Every line below is to be copied exactly, with the pictures left out.

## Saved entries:
::::
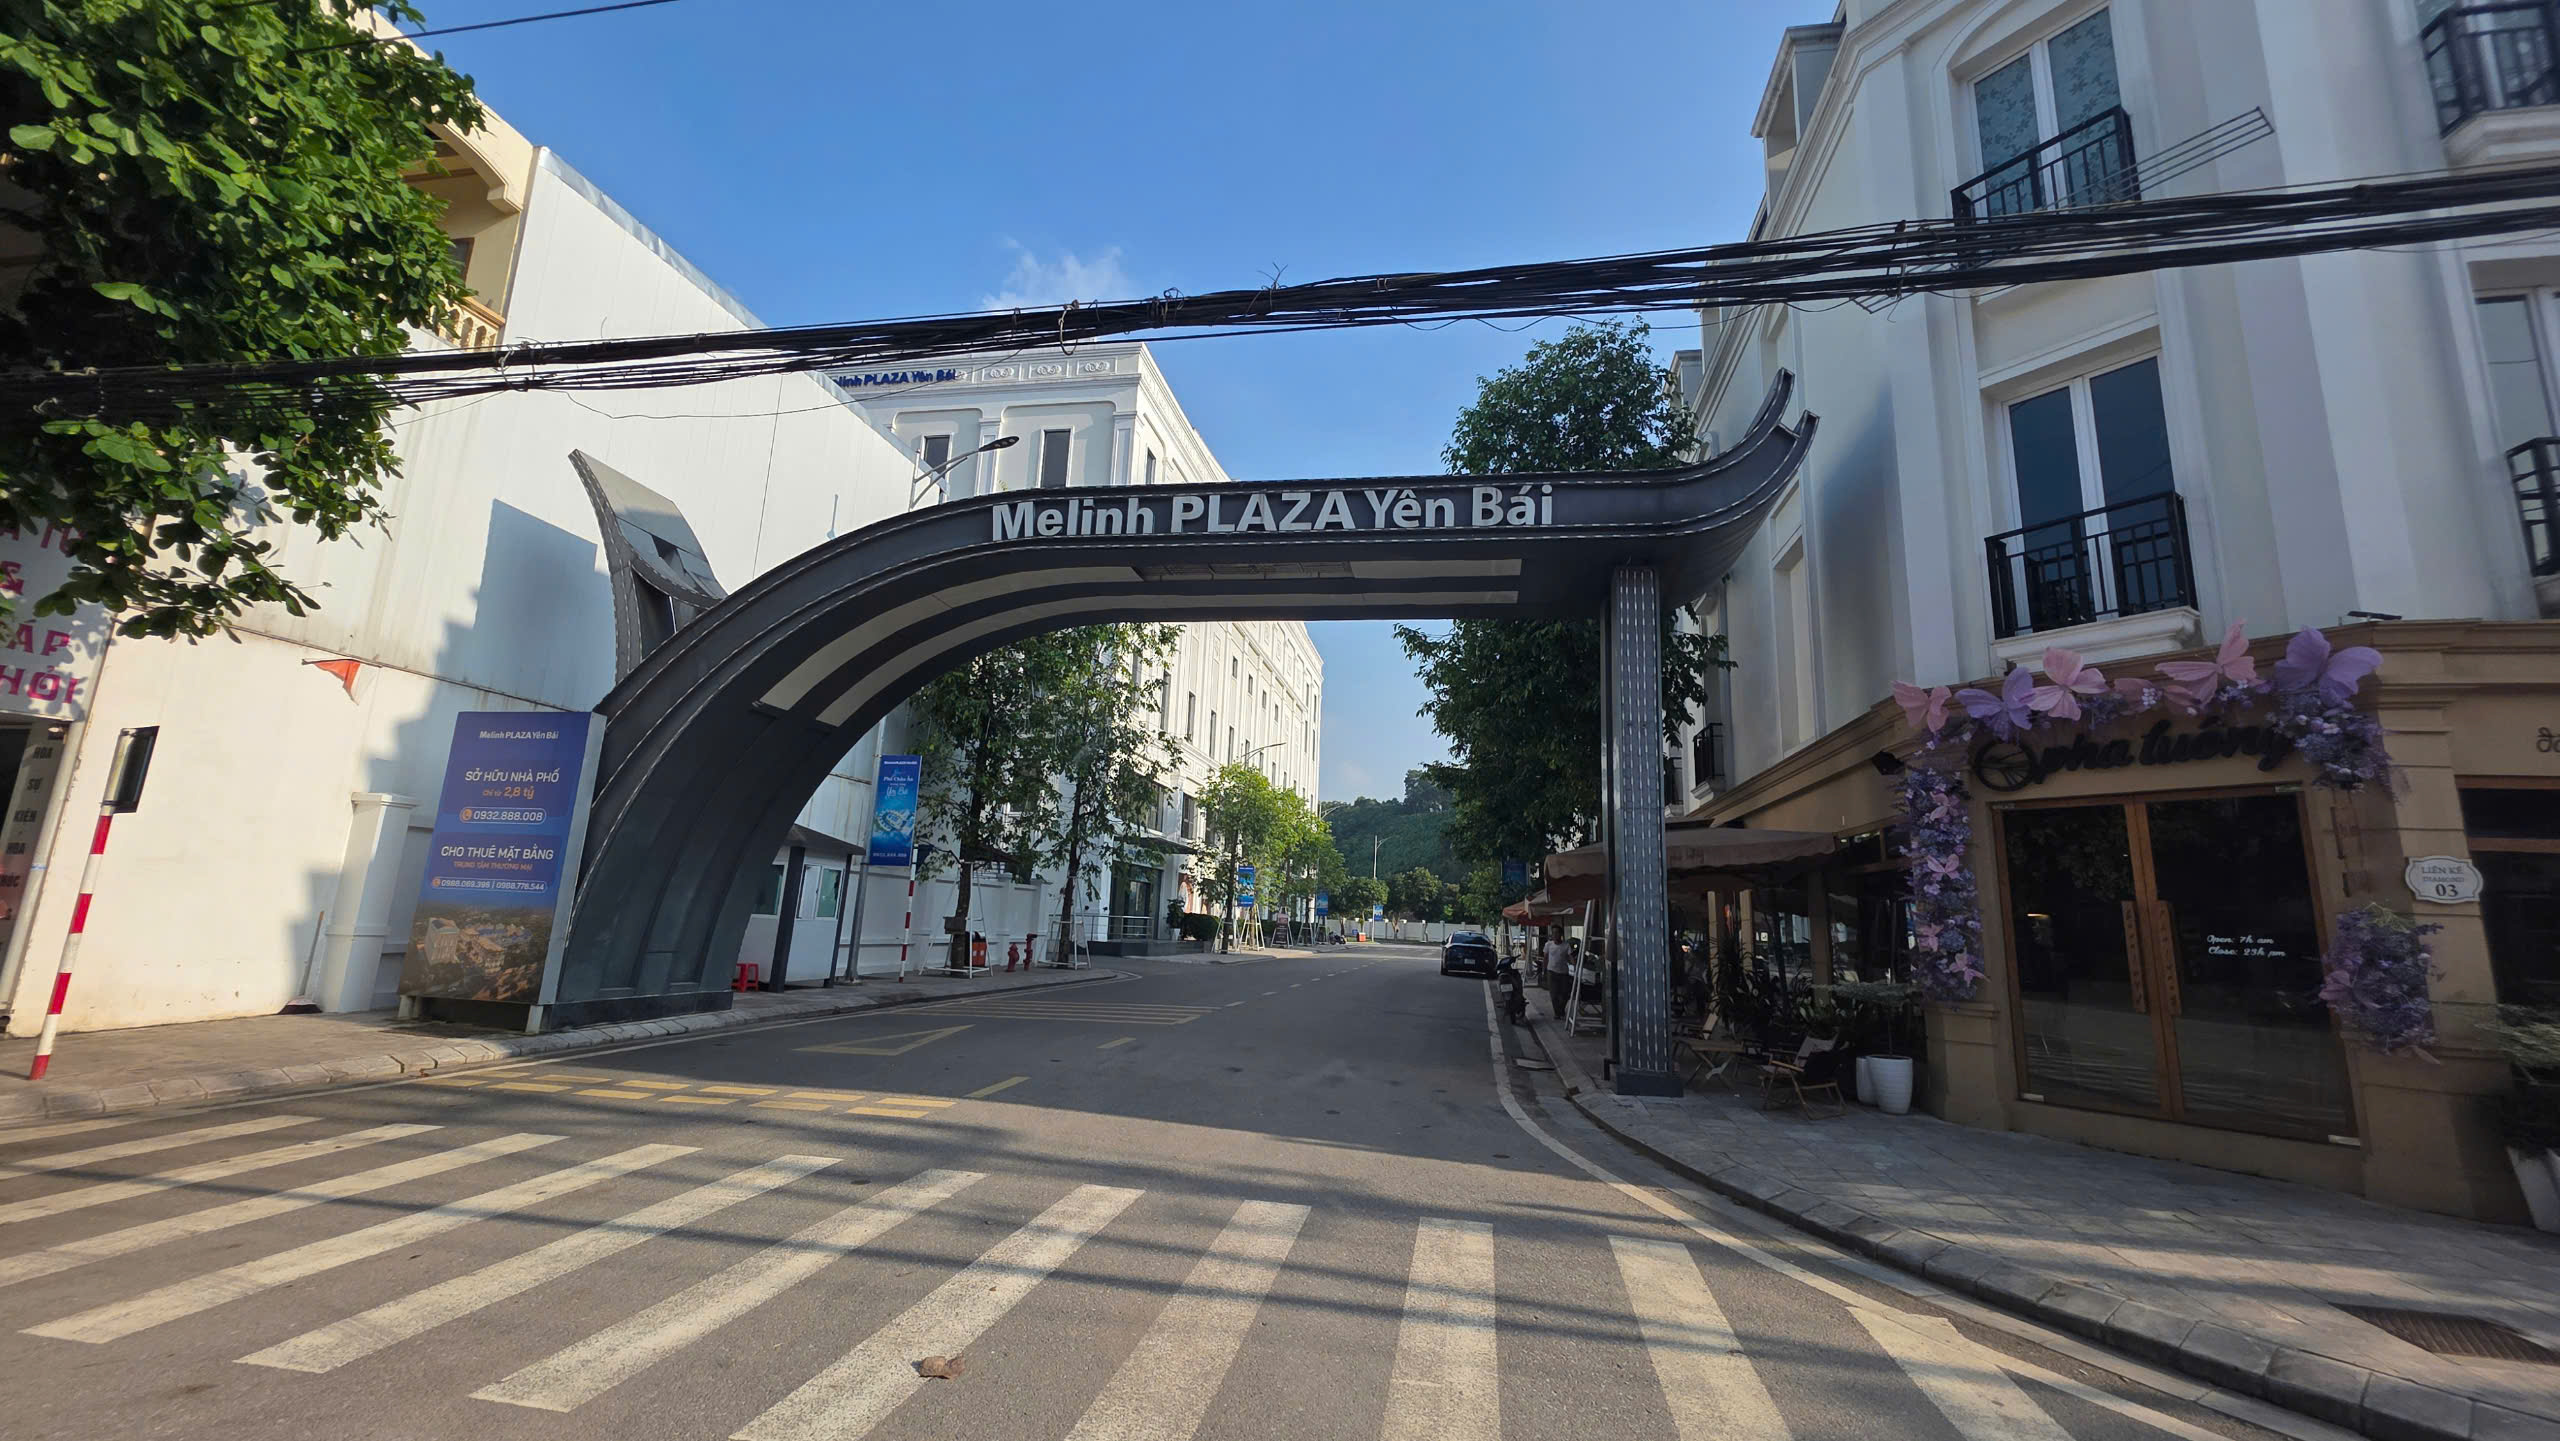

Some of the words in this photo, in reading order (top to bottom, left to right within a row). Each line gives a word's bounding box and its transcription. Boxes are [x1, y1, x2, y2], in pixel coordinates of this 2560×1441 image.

[864, 372, 909, 385] PLAZA
[992, 496, 1154, 541] Melinh
[1170, 490, 1355, 534] PLAZA
[1362, 489, 1454, 529] Yên
[1471, 483, 1554, 527] Bái
[2, 619, 71, 656] ÁP
[479, 730, 504, 740] Melinh
[505, 731, 532, 740] PLAZA
[532, 731, 546, 740] Yên
[546, 731, 559, 740] Bái
[465, 768, 483, 781] SỞ
[483, 769, 508, 782] HỮU
[510, 768, 533, 782] NHÀ
[535, 767, 560, 783] PHỐ
[504, 786, 520, 799] 2,8
[473, 810, 543, 821] 0932.888.008
[441, 846, 465, 857] CHO
[467, 845, 496, 858] THUÊ
[497, 845, 521, 861] MẶT
[522, 844, 554, 860] BẰNG
[2435, 883, 2459, 897] 03
[2267, 950, 2287, 958] pm
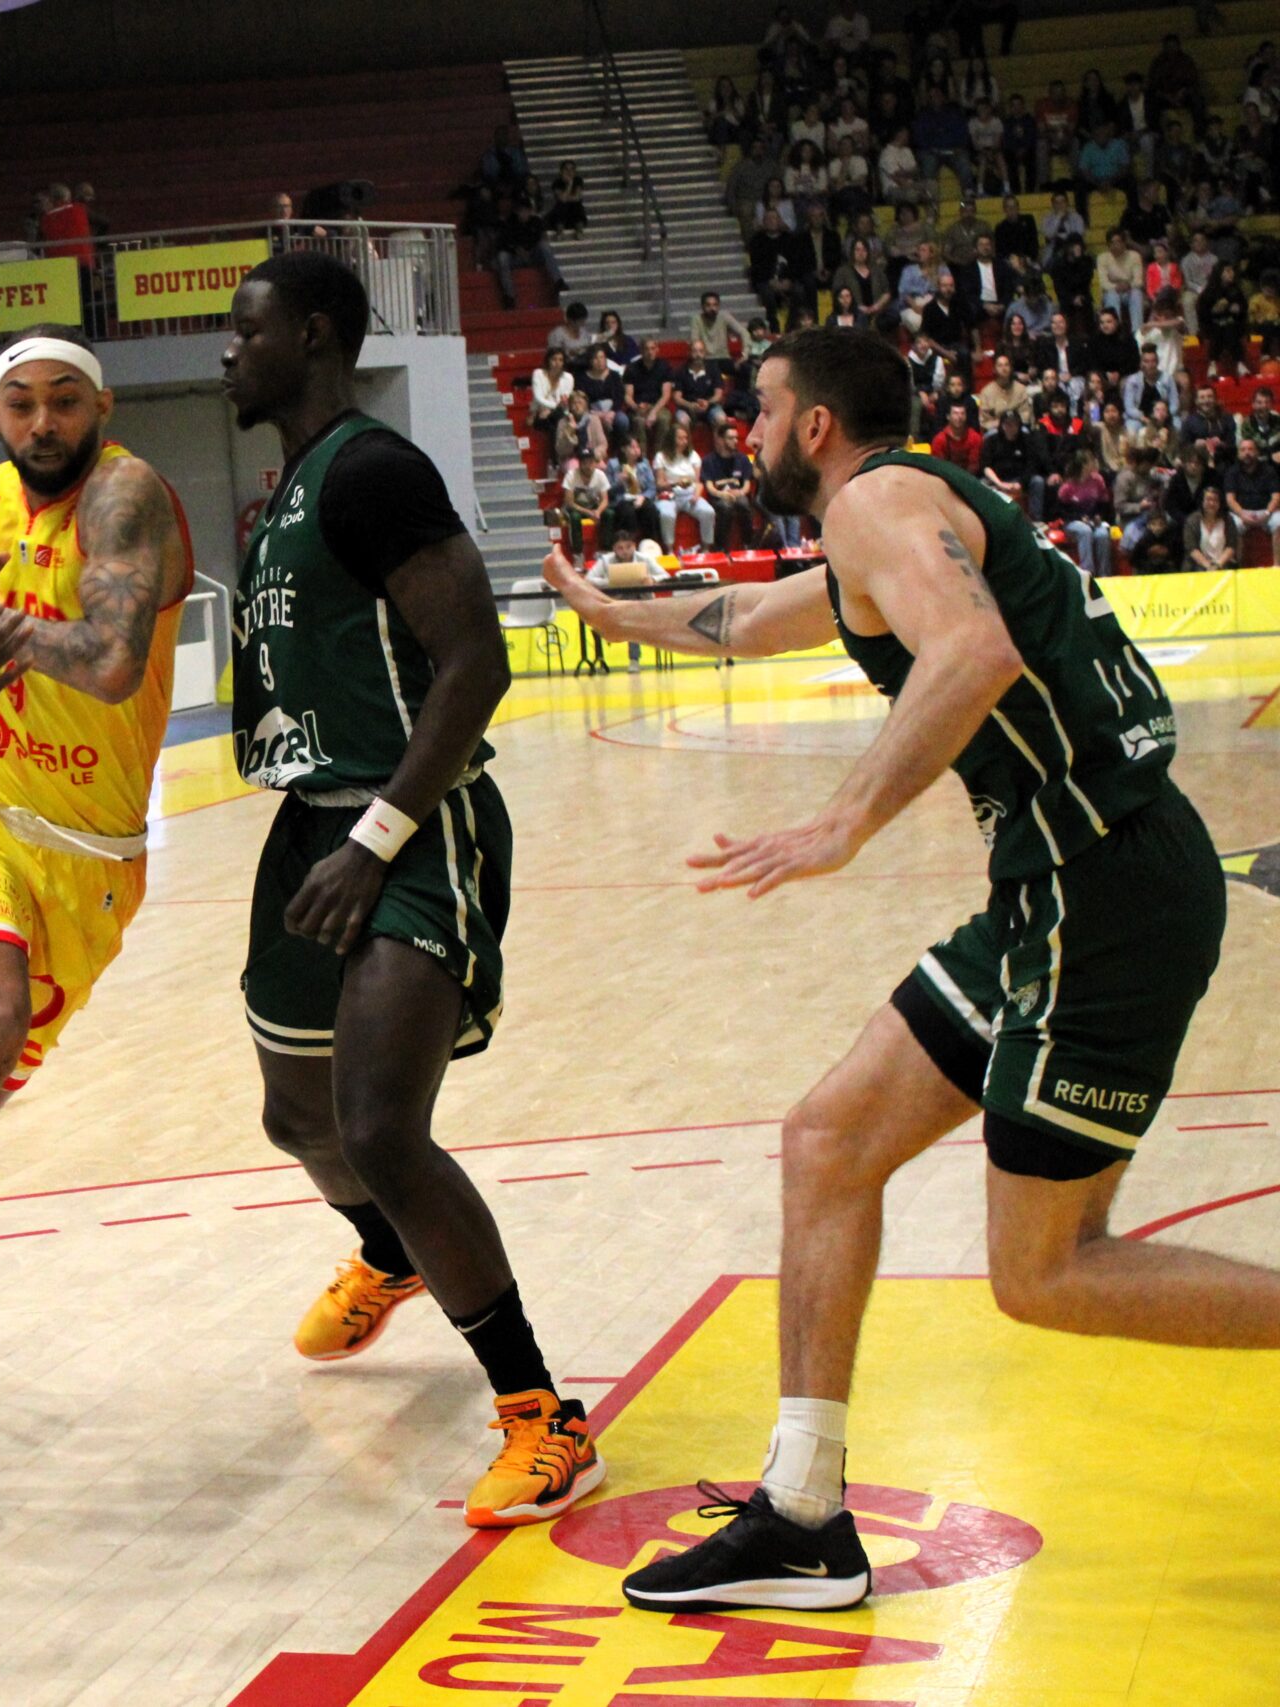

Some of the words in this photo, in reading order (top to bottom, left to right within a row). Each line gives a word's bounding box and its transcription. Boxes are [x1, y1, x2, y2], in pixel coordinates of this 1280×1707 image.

[259, 642, 275, 691] 9
[413, 936, 447, 958] MSD
[1054, 1078, 1150, 1114] REALITES
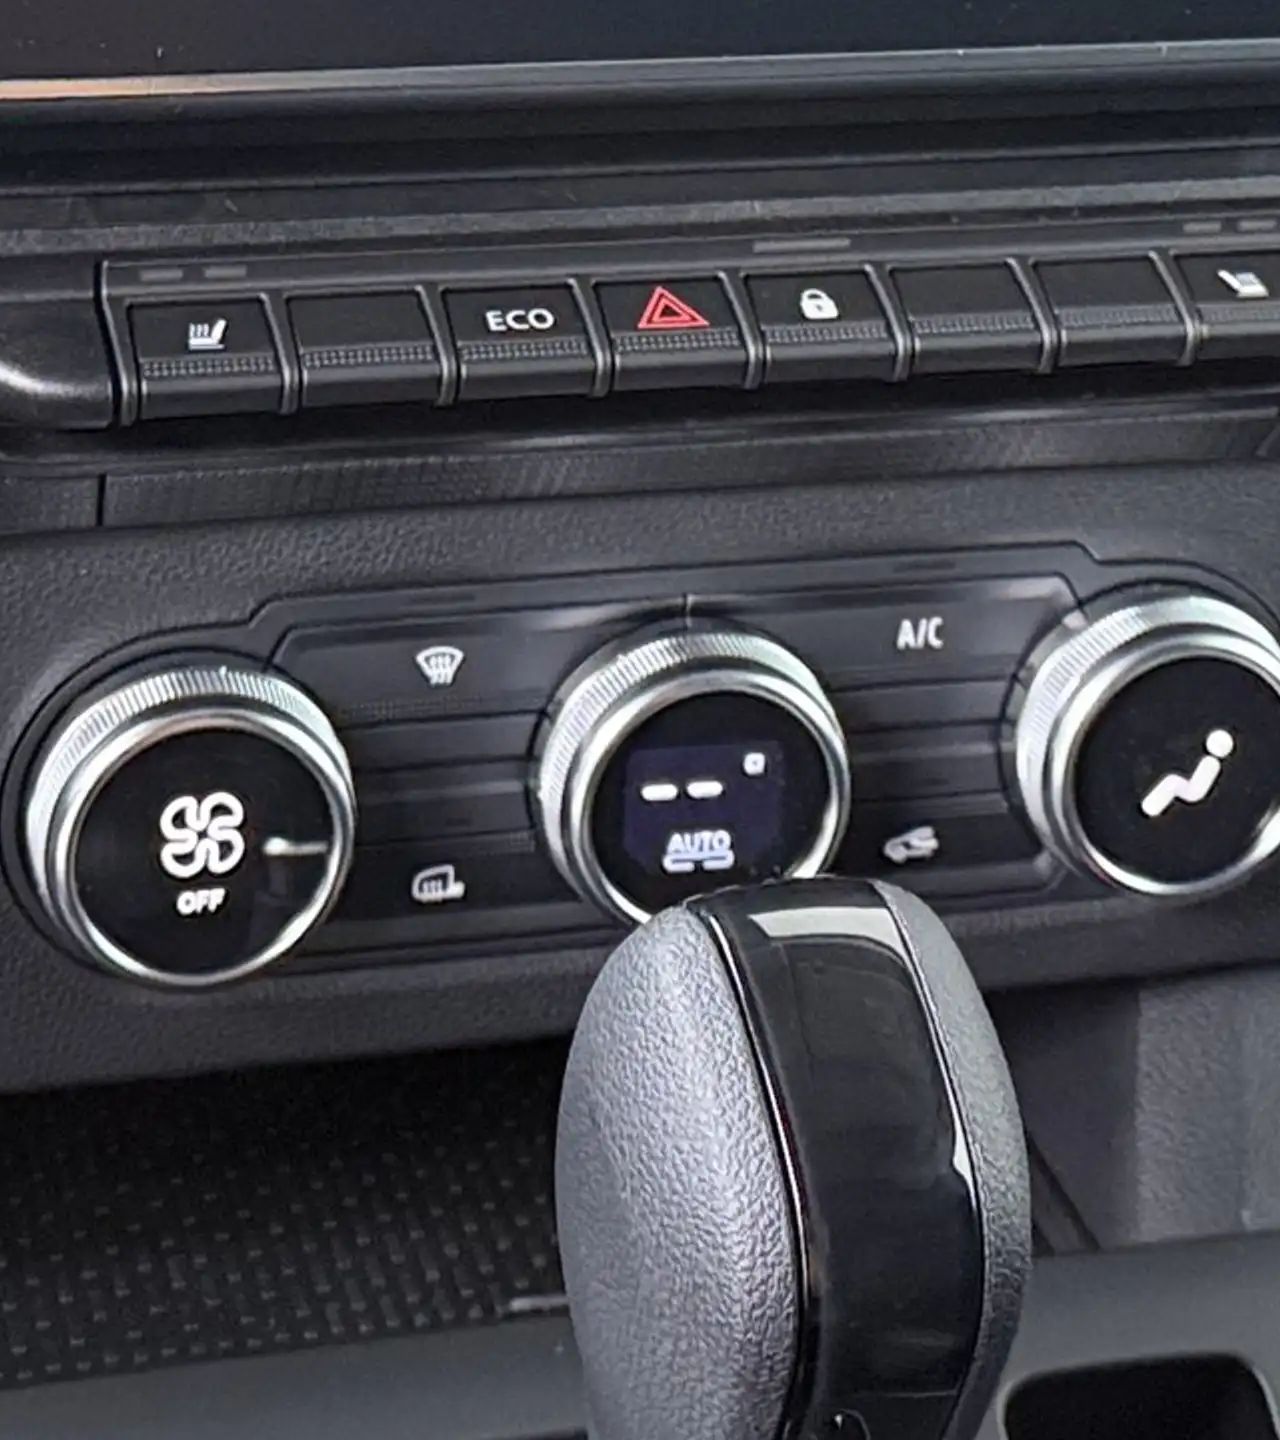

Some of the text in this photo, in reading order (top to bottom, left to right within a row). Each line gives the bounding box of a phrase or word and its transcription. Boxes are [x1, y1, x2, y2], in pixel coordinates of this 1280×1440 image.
::::
## Response:
Some of the words in this photo, in reading order (top to bottom, left to right within a row). Each line gives a word's bounding box and its transcription. Boxes are [x1, y1, x2, y2], in pixel coordinates of this 2560×1441 image.

[864, 372, 909, 385] PLAZA
[992, 496, 1154, 541] Melinh
[1170, 490, 1355, 534] PLAZA
[1362, 489, 1454, 529] Yên
[1471, 483, 1554, 527] Bái
[2, 619, 71, 656] ÁP
[479, 730, 504, 740] Melinh
[505, 731, 532, 740] PLAZA
[532, 731, 546, 740] Yên
[546, 731, 559, 740] Bái
[465, 768, 483, 781] SỞ
[483, 769, 508, 782] HỮU
[510, 768, 533, 782] NHÀ
[535, 767, 560, 783] PHỐ
[504, 786, 520, 799] 2,8
[473, 810, 543, 821] 0932.888.008
[441, 846, 465, 857] CHO
[467, 845, 496, 858] THUÊ
[497, 845, 521, 861] MẶT
[522, 844, 554, 860] BẰNG
[2435, 883, 2459, 897] 03
[2267, 950, 2287, 958] pm

Some of the words in this photo, in reading order (top to bottom, left to right within a row). Each line gives a word's bounding box and its transcription. Boxes are [x1, y1, x2, y2], in pixel coordinates of this 1280×1707 image.

[259, 642, 275, 691] 9
[413, 936, 447, 958] MSD
[1054, 1078, 1150, 1114] REALITES

Some of the text in this photo, in reading order (top to bottom, left to right within a row). Each line gives the bounding box of a phrase or word and its transcription. Boxes are [x1, y1, x2, y2], in pixel coordinates of this 1280×1440 image.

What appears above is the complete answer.